Data for this task Block Start

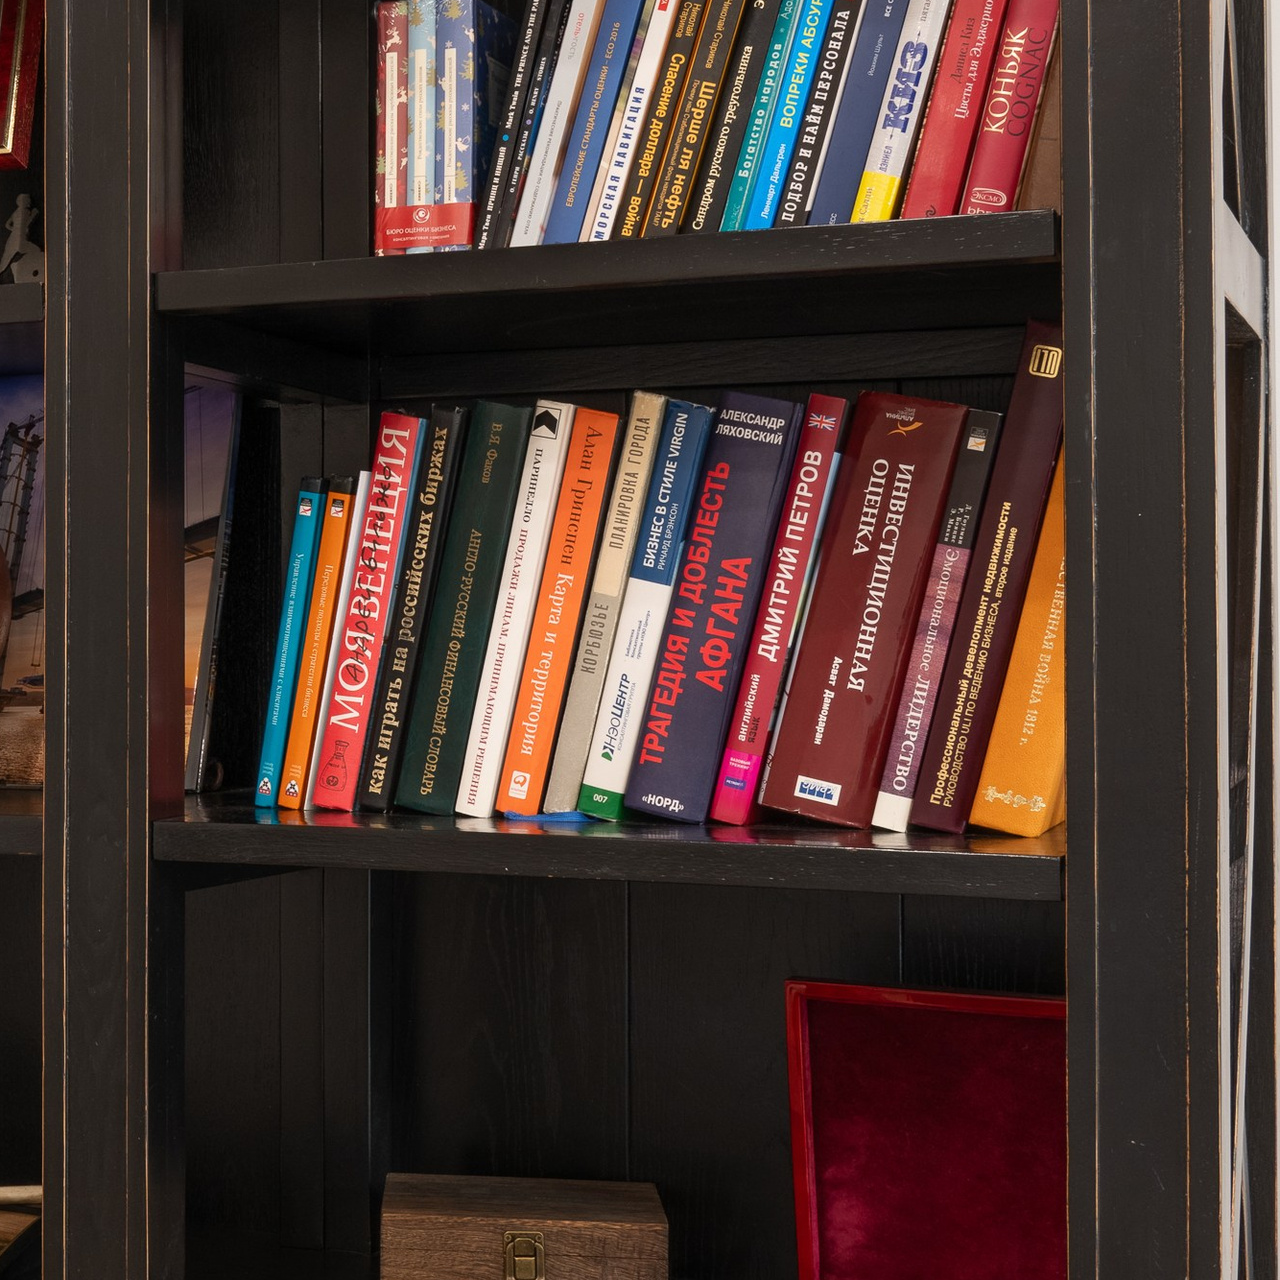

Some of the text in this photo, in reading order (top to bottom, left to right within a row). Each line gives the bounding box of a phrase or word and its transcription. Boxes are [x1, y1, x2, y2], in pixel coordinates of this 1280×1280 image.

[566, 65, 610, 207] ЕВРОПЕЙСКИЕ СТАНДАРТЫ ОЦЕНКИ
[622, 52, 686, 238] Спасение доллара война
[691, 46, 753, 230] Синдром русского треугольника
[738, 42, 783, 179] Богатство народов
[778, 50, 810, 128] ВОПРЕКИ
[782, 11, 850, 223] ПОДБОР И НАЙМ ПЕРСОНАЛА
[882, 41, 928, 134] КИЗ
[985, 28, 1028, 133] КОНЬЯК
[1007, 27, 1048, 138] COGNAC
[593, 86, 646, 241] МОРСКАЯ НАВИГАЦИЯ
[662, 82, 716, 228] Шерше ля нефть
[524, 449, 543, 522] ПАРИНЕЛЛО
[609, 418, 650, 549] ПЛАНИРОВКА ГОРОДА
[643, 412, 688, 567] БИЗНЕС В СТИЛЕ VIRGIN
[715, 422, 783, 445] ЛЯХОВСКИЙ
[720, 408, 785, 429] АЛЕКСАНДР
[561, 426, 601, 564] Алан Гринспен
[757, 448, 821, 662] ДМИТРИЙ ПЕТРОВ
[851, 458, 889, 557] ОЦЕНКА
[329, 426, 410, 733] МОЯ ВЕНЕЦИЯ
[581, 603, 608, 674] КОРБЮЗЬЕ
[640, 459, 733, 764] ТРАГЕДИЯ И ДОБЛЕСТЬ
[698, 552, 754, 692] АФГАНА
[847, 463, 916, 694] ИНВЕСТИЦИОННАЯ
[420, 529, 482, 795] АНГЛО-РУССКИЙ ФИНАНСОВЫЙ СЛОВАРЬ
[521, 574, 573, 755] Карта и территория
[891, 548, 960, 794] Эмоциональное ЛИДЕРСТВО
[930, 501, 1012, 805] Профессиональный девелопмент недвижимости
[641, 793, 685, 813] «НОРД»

Data for this task Block End

The problem:
Each record above must be retyped exactly, minus its pictures.

Finished task:
Some of the text in this photo, in reading order (top to bottom, left to right within a row). Each line gives the bounding box of a phrase or word and its transcription. Boxes are [x1, y1, x2, y2], in pixel coordinates of this 1280×1280 image.

[566, 65, 610, 207] ЕВРОПЕЙСКИЕ СТАНДАРТЫ ОЦЕНКИ
[622, 52, 686, 238] Спасение доллара война
[691, 46, 753, 230] Синдром русского треугольника
[738, 42, 783, 179] Богатство народов
[778, 50, 810, 128] ВОПРЕКИ
[782, 11, 850, 223] ПОДБОР И НАЙМ ПЕРСОНАЛА
[882, 41, 928, 134] КИЗ
[985, 28, 1028, 133] КОНЬЯК
[1007, 27, 1048, 138] COGNAC
[593, 86, 646, 241] МОРСКАЯ НАВИГАЦИЯ
[662, 82, 716, 228] Шерше ля нефть
[524, 449, 543, 522] ПАРИНЕЛЛО
[609, 418, 650, 549] ПЛАНИРОВКА ГОРОДА
[643, 412, 688, 567] БИЗНЕС В СТИЛЕ VIRGIN
[715, 422, 783, 445] ЛЯХОВСКИЙ
[720, 408, 785, 429] АЛЕКСАНДР
[561, 426, 601, 564] Алан Гринспен
[757, 448, 821, 662] ДМИТРИЙ ПЕТРОВ
[851, 458, 889, 557] ОЦЕНКА
[329, 426, 410, 733] МОЯ ВЕНЕЦИЯ
[581, 603, 608, 674] КОРБЮЗЬЕ
[640, 459, 733, 764] ТРАГЕДИЯ И ДОБЛЕСТЬ
[698, 552, 754, 692] АФГАНА
[847, 463, 916, 694] ИНВЕСТИЦИОННАЯ
[420, 529, 482, 795] АНГЛО-РУССКИЙ ФИНАНСОВЫЙ СЛОВАРЬ
[521, 574, 573, 755] Карта и территория
[891, 548, 960, 794] Эмоциональное ЛИДЕРСТВО
[930, 501, 1012, 805] Профессиональный девелопмент недвижимости
[641, 793, 685, 813] «НОРД»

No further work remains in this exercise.